Why Hausa speech recognition is a hard problem
Hausa is spoken by approximately 70 million people as a first language, with another 20–30 million using it as a lingua franca across West Africa. It is the dominant language of northern Nigeria — Kano, Kaduna, Sokoto, Katsina, Bauchi — and the commercial language of huge swaths of the Nigerian economy. Yet if you search for "Hausa speech to text API" today, you will find almost nothing useful. A few academic papers. Some references to Mozilla Common Voice's small Hausa dataset. Nothing a developer can call and ship against.
The technical reasons for this gap are real:
- Limited training data. The largest publicly available Hausa speech corpus at time of writing is approximately 8 hours in Mozilla Common Voice — a fraction of what English STT systems train on (thousands of hours). The Masakhane project has contributed text corpora but speech data remains scarce.
- Distinctive phonology. Hausa has phonemes that do not exist in English: ejective consonants (ƙ, represented as /k'/ phonetically), implosive consonants (ɓ and ɗ), and long/short vowel distinctions that are phonemically contrastive. A model trained on English will simply mishear these sounds.
- Diacritic complexity. Correct Hausa text uses characters like ƙ (hooked k), ɗ (hooked d), ɓ (hooked b), and the standard extended Latin vowels. Many transcription pipelines silently strip these to plain ASCII, producing text that is technically wrong — changing meaning in ways that matter for downstream NLP.
- Code-switching is the norm. In real Nigerian Hausa speech, speakers regularly switch between Hausa and English within a single sentence. A transcription system that can only handle monolingual Hausa will fail on most real-world recordings.
Orinode STT (used by Maraba) model addresses all of these. We fine-tuned OpenAI Whisper (small) on 6.5 hours of Nigerian Hausa audio — sourced from Kano, Kaduna, and Sokoto speakers — combined with the Mozilla Common Voice Hausa set and proprietary call recordings. The result is a word error rate of approximately 18% on in-domain Nigerian Hausa, compared to roughly 40% WER from the base Whisper model on the same test set.
Prerequisites
Before you start, you need:
- An Maraba developer account — sign up at maraba.ai
- An API key from Developer → API Keys in your dashboard
- Python 3.9+ with the
requestslibrary installed (pip install requests) - An audio file containing Hausa speech — WAV, MP3, OGG, or FLAC formats are supported; 16kHz mono is optimal
The STT API is billed at ₦5 per minute of audio. A 30-second Hausa clip costs ₦2.50. There is no minimum charge on the STT endpoint.

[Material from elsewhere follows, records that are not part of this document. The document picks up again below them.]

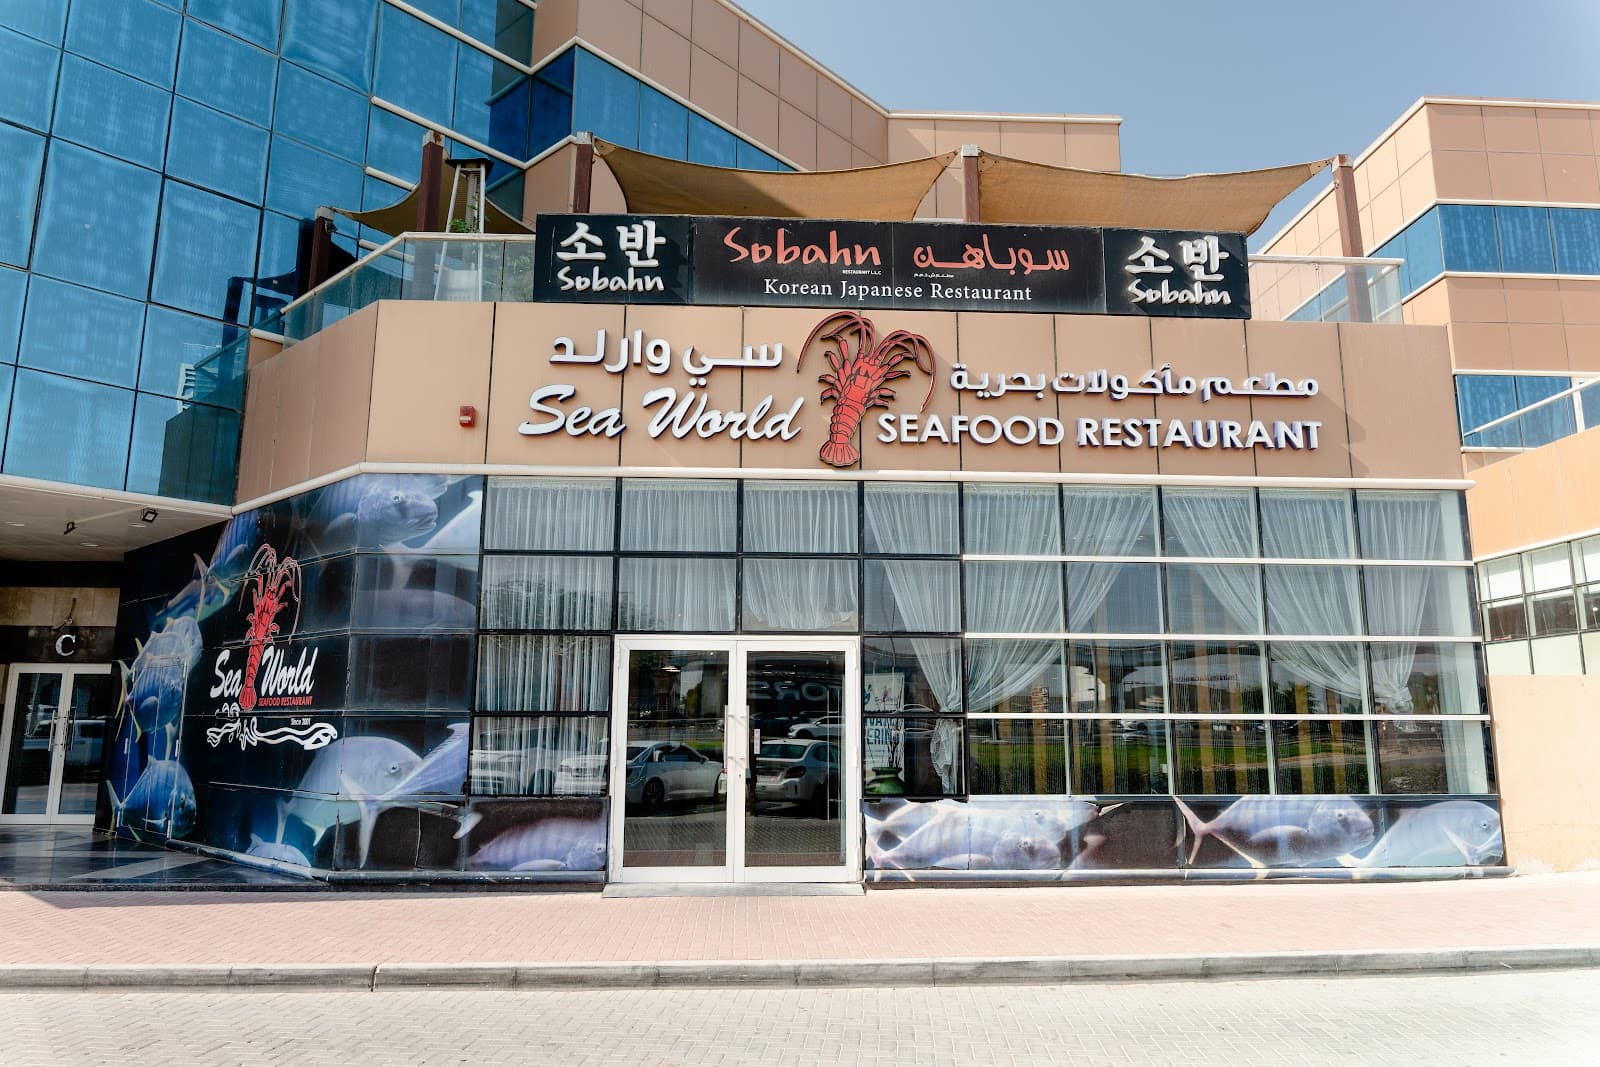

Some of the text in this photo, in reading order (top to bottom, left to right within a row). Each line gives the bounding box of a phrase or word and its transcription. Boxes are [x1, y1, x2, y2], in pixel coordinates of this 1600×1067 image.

[723, 226, 882, 266] Sobahn
[913, 233, 1070, 276] سوباهن
[557, 266, 664, 291] Sobahn
[763, 278, 1033, 301] Korean Japanese Restaurant
[1127, 279, 1232, 305] Sobahn
[549, 328, 784, 388] سي وارلد
[950, 362, 1319, 403] مطعم مأكولات بحرية
[517, 384, 805, 442] Sea World
[877, 413, 1323, 449] SEAFOOD RESTAURANT
[55, 634, 77, 657] C
[209, 645, 319, 698] Sea World
[258, 695, 313, 707] SEAFOOD RESTAURANT

Your first Hausa transcription: Python
The endpoint is POST /api/v1/transcribe/. You send a multipart form with the audio file and the language code ha. The response returns the transcript text, detected language, confidence score, and duration.
import requests
API_KEY = "your-api-key-here"
AUDIO_FILE = "hausa_sample.wav"
with open(AUDIO_FILE, "rb") as f:
response = requests.post(
"https://maraba.ai/api/v1/transcribe/",
headers={"X-API-Key": API_KEY},
data={"language": "ha"},
files={"audio": (AUDIO_FILE, f, "audio/wav")},
)
response.raise_for_status()
result = response.json()
print(result["transcript"])
print(f"Confidence: {result['confidence']:.2f}")
print(f"Duration: {result['duration_seconds']:.1f}s")

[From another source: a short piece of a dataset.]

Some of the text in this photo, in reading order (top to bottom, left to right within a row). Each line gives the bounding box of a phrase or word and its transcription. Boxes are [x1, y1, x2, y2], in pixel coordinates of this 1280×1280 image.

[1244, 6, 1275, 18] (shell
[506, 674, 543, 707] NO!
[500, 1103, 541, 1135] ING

For a recording of the sentence "Ina son in yi alƙawari da likita a ranar Talata." (I would like to make an appointment with the doctor on Tuesday), the API returns:
{
"transcript": "Ina son in yi alƙawari da likita a ranar Talata.",
"language_detected": "ha",
"confidence": 0.91,
"duration_seconds": 3.4,
"words": [
{"word": "Ina", "start": 0.0, "end": 0.3, "confidence": 0.97},
{"word": "son", "start": 0.3, "end": 0.55, "confidence": 0.95},
{"word": "in", "start": 0.55, "end": 0.7, "confidence": 0.93},
{"word": "yi", "start": 0.7, "end": 0.85, "confidence": 0.98},
{"word": "alƙawari", "start": 0.85, "end": 1.4, "confidence": 0.88},
{"word": "da", "start": 1.4, "end": 1.55, "confidence": 0.99},
{"word": "likita", "start": 1.55, "end": 1.95, "confidence": 0.92},
{"word": "a", "start": 1.95, "end": 2.1, "confidence": 0.97},
{"word": "ranar", "start": 2.1, "end": 2.5, "confidence": 0.94},
{"word": "Talata.", "start": 2.5, "end": 2.9, "confidence": 0.89}
],
"cost_ngn": 0.28
}
Notice that the transcript preserves alƙawari with the hooked ƙ — not the plain ASCII "k". This is critical. In Hausa, ƙ and k are different phonemes. Transcribing alƙawari as "alƙawari" is correct; transcribing it as "alkawari" is phonemically wrong and will cause downstream errors in any NLP pipeline that works with Hausa text.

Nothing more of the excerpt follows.